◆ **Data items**
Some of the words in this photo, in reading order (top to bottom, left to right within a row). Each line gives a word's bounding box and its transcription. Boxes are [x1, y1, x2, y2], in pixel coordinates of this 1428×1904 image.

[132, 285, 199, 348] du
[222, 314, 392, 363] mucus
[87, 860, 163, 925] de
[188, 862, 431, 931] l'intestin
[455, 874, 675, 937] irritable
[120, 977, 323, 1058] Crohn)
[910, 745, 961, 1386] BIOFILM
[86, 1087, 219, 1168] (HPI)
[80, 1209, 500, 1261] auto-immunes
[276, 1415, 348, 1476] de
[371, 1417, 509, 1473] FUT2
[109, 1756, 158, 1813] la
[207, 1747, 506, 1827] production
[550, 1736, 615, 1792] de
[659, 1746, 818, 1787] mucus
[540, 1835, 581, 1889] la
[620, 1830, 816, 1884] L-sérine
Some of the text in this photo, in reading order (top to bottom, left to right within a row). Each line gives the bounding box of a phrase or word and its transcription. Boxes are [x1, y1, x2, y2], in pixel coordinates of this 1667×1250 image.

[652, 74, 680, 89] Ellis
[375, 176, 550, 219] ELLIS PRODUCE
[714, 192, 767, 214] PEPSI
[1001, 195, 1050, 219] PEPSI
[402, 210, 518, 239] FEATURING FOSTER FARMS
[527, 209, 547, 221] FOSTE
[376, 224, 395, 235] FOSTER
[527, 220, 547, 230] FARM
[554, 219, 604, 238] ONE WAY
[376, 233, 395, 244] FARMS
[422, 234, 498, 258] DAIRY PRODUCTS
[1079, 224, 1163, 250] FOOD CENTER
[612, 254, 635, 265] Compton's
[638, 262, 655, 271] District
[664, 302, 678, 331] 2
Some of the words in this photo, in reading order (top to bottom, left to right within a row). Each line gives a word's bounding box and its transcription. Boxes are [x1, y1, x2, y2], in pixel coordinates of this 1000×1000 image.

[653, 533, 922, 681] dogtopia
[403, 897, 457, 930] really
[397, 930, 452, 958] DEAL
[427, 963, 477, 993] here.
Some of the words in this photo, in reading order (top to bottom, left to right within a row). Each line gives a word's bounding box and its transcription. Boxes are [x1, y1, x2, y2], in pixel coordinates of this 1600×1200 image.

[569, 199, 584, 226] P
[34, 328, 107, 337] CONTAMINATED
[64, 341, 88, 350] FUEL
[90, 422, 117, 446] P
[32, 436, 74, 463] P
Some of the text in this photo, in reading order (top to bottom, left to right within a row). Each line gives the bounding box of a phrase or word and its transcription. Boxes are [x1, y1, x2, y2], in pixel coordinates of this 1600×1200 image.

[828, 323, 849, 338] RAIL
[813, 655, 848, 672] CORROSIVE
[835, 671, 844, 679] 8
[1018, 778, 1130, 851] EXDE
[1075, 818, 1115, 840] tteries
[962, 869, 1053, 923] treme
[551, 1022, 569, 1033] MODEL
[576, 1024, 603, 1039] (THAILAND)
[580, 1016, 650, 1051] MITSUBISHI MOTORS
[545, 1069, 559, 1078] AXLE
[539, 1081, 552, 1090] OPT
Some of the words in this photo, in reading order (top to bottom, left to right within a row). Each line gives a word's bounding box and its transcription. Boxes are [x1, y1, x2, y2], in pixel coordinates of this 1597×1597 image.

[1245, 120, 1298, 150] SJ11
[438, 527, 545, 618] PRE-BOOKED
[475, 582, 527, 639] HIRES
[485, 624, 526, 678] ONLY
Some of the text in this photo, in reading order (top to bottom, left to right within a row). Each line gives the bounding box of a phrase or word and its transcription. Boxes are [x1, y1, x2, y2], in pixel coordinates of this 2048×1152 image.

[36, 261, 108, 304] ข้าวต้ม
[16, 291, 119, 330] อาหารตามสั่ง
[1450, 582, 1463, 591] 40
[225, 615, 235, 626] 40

◆ **What the task requires**
Restate exactly the lines running from the line with "this 2048×1152 image." to the end of the entries above, both ends included.

◆ **Answer for the task**
Some of the text in this photo, in reading order (top to bottom, left to right within a row). Each line gives the bounding box of a phrase or word and its transcription. Boxes are [x1, y1, x2, y2], in pixel coordinates of this 2048×1152 image.

[36, 261, 108, 304] ข้าวต้ม
[16, 291, 119, 330] อาหารตามสั่ง
[1450, 582, 1463, 591] 40
[225, 615, 235, 626] 40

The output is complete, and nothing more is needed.